Start to finish, print the entries exactly, and carry none of the pictures over.

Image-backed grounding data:
+---+
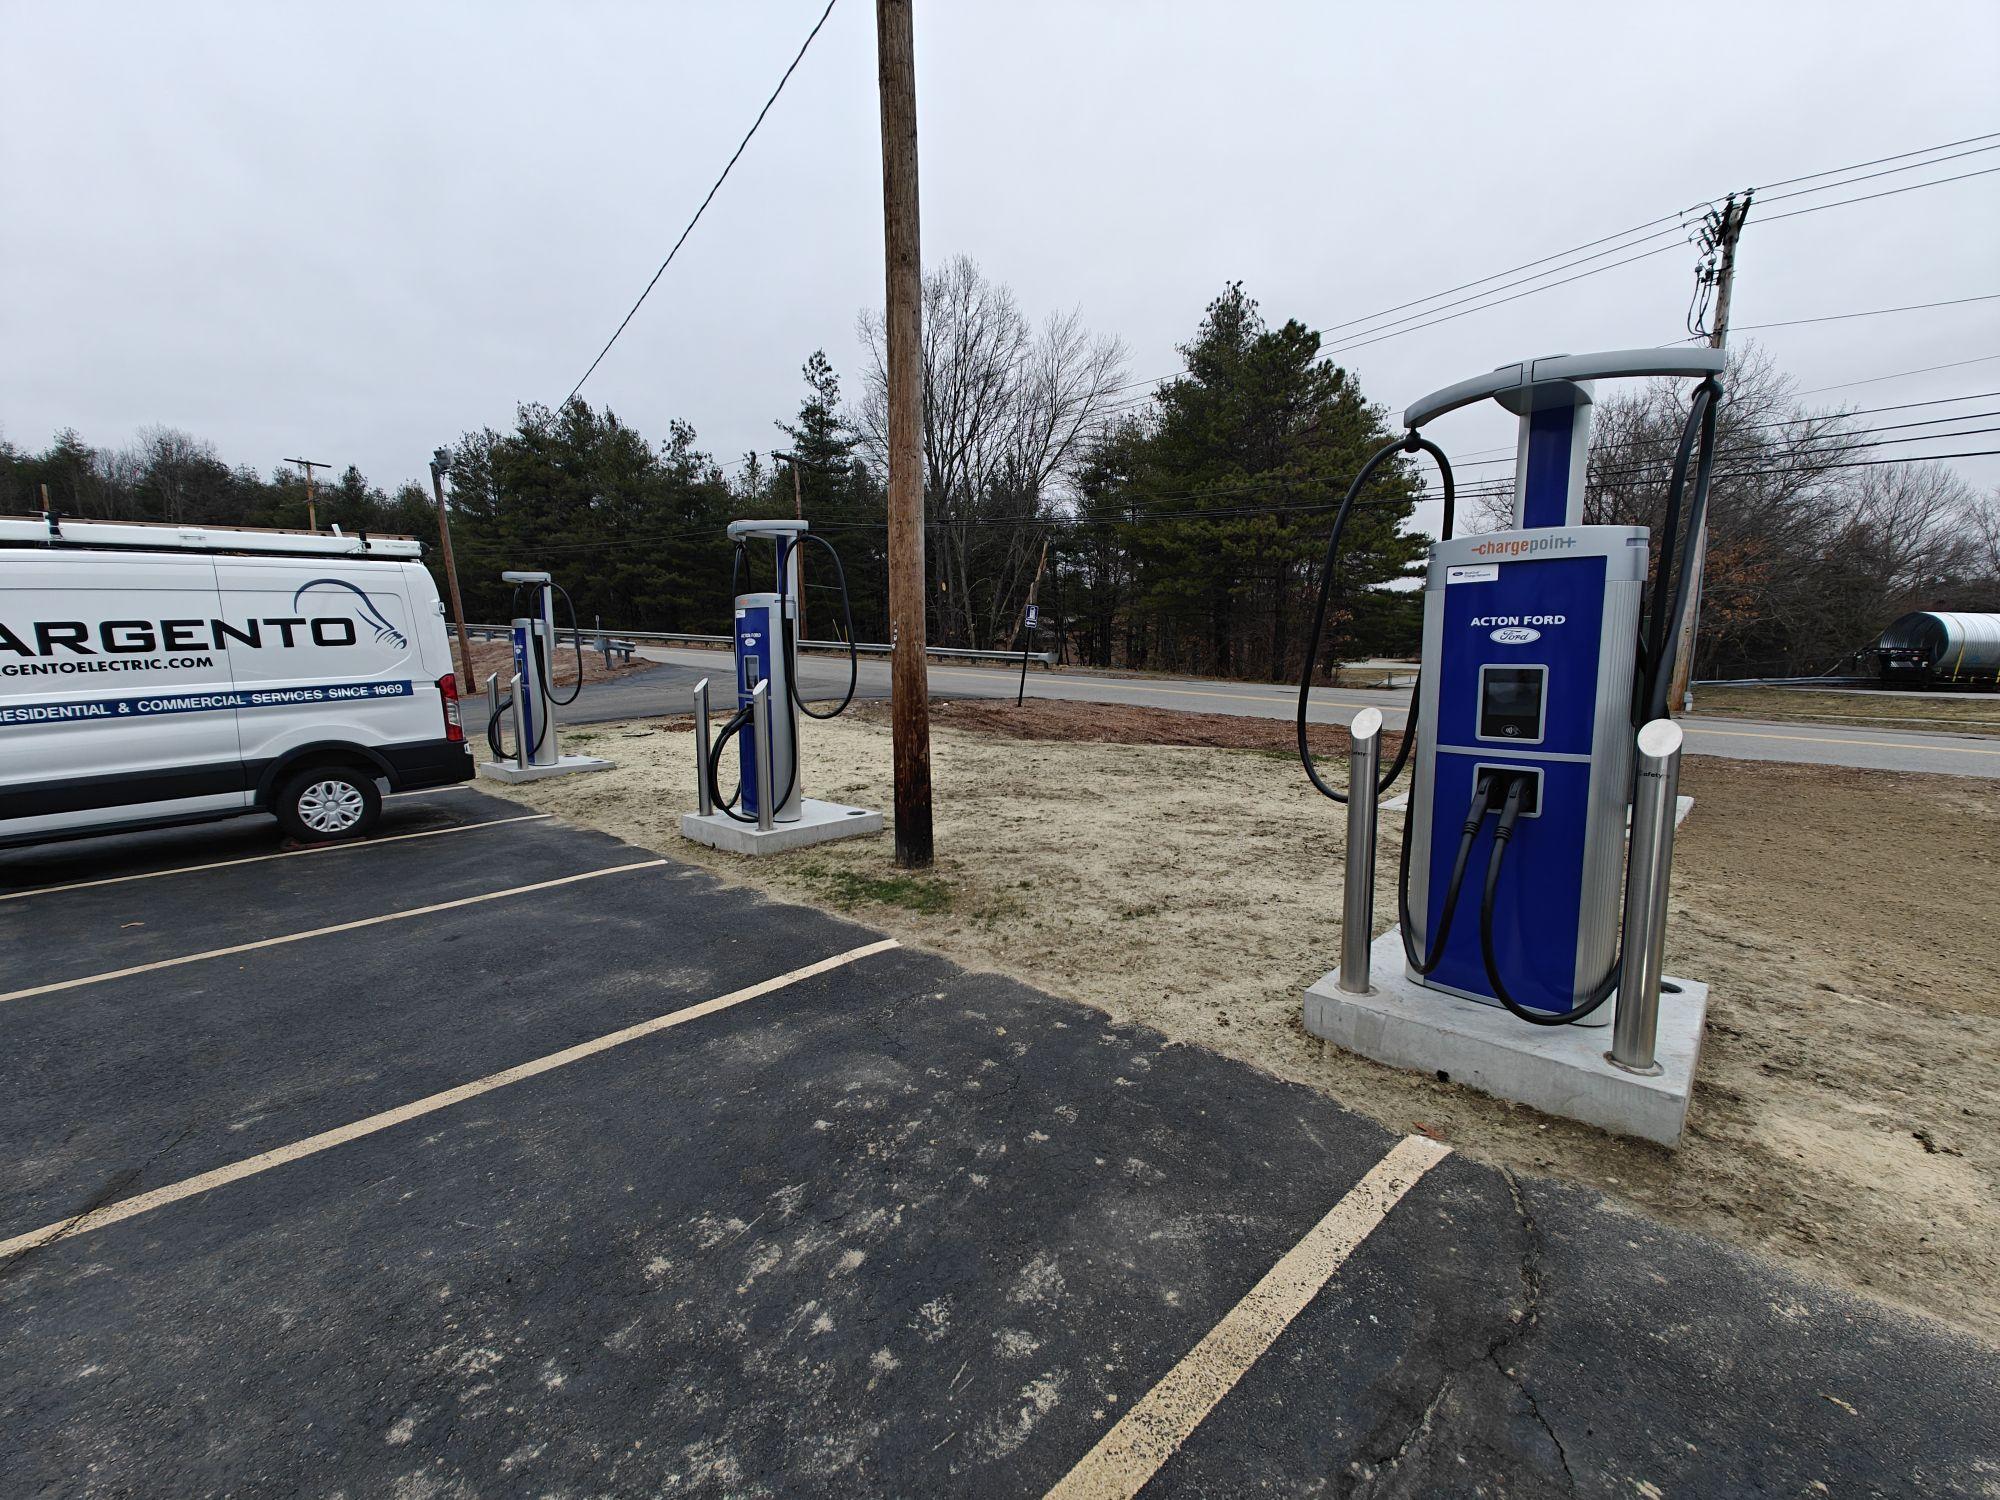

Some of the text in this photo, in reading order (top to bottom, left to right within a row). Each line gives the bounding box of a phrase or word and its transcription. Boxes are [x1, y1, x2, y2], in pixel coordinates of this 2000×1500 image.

[1470, 614, 1566, 627] ACTON FORD
[1500, 629, 1530, 641] Ford
[0, 656, 214, 677] GENTOELECTRIC.COM
[0, 684, 403, 722] ESIDENTIAL & COMMERCIAL SERVICES SINCE 1969
[1639, 771, 1663, 779] afety
+---+
- ANSWER TO THIS EXERCISE -
Some of the text in this photo, in reading order (top to bottom, left to right within a row). Each line gives the bounding box of a phrase or word and its transcription. Boxes are [x1, y1, x2, y2], in pixel coordinates of this 2000×1500 image.

[1470, 614, 1566, 627] ACTON FORD
[1500, 629, 1530, 641] Ford
[0, 656, 214, 677] GENTOELECTRIC.COM
[0, 684, 403, 722] ESIDENTIAL & COMMERCIAL SERVICES SINCE 1969
[1639, 771, 1663, 779] afety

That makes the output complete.